Top of DATA UNDER STUDY

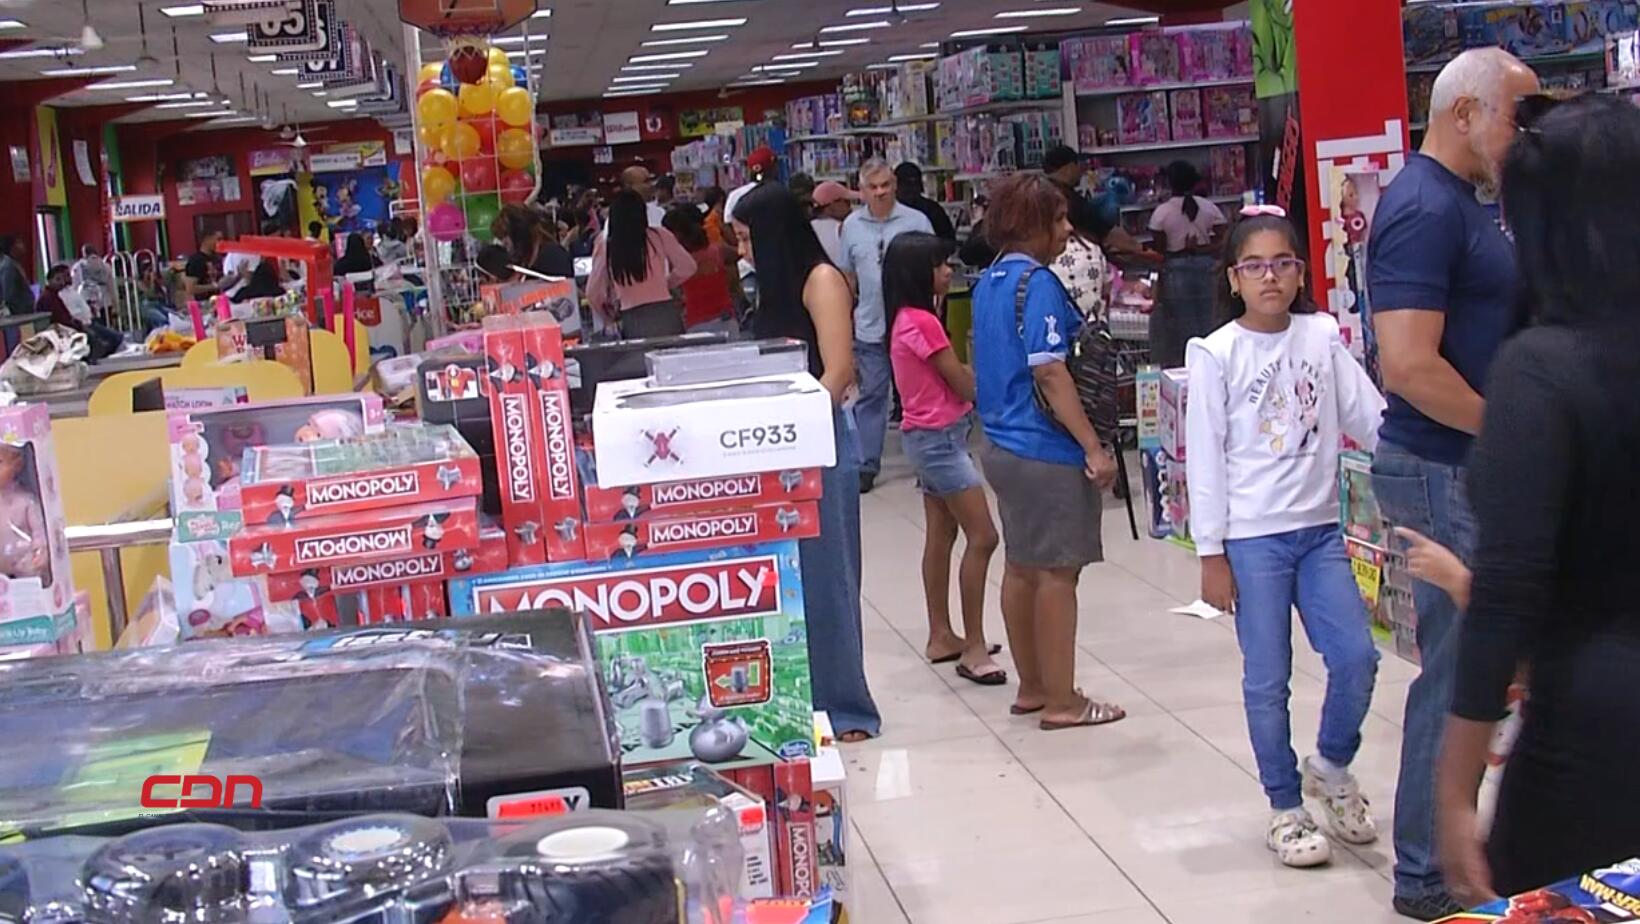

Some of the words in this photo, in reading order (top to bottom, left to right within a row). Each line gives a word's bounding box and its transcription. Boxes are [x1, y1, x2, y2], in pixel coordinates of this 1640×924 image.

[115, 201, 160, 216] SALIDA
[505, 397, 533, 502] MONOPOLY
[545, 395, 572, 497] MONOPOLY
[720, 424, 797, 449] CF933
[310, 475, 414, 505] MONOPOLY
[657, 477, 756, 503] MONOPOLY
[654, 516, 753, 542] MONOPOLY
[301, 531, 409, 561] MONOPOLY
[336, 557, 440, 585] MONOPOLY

Bottom of DATA UNDER STUDY

• _WHAT THIS TASK INVOLVES_
What is needed is a verbatim copy of the material, minus its pictures.

• _REPLY TO THE EXERCISE_
Some of the words in this photo, in reading order (top to bottom, left to right within a row). Each line gives a word's bounding box and its transcription. Boxes are [x1, y1, x2, y2], in pixel coordinates of this 1640×924 image.

[115, 201, 160, 216] SALIDA
[505, 397, 533, 502] MONOPOLY
[545, 395, 572, 497] MONOPOLY
[720, 424, 797, 449] CF933
[310, 475, 414, 505] MONOPOLY
[657, 477, 756, 503] MONOPOLY
[654, 516, 753, 542] MONOPOLY
[301, 531, 409, 561] MONOPOLY
[336, 557, 440, 585] MONOPOLY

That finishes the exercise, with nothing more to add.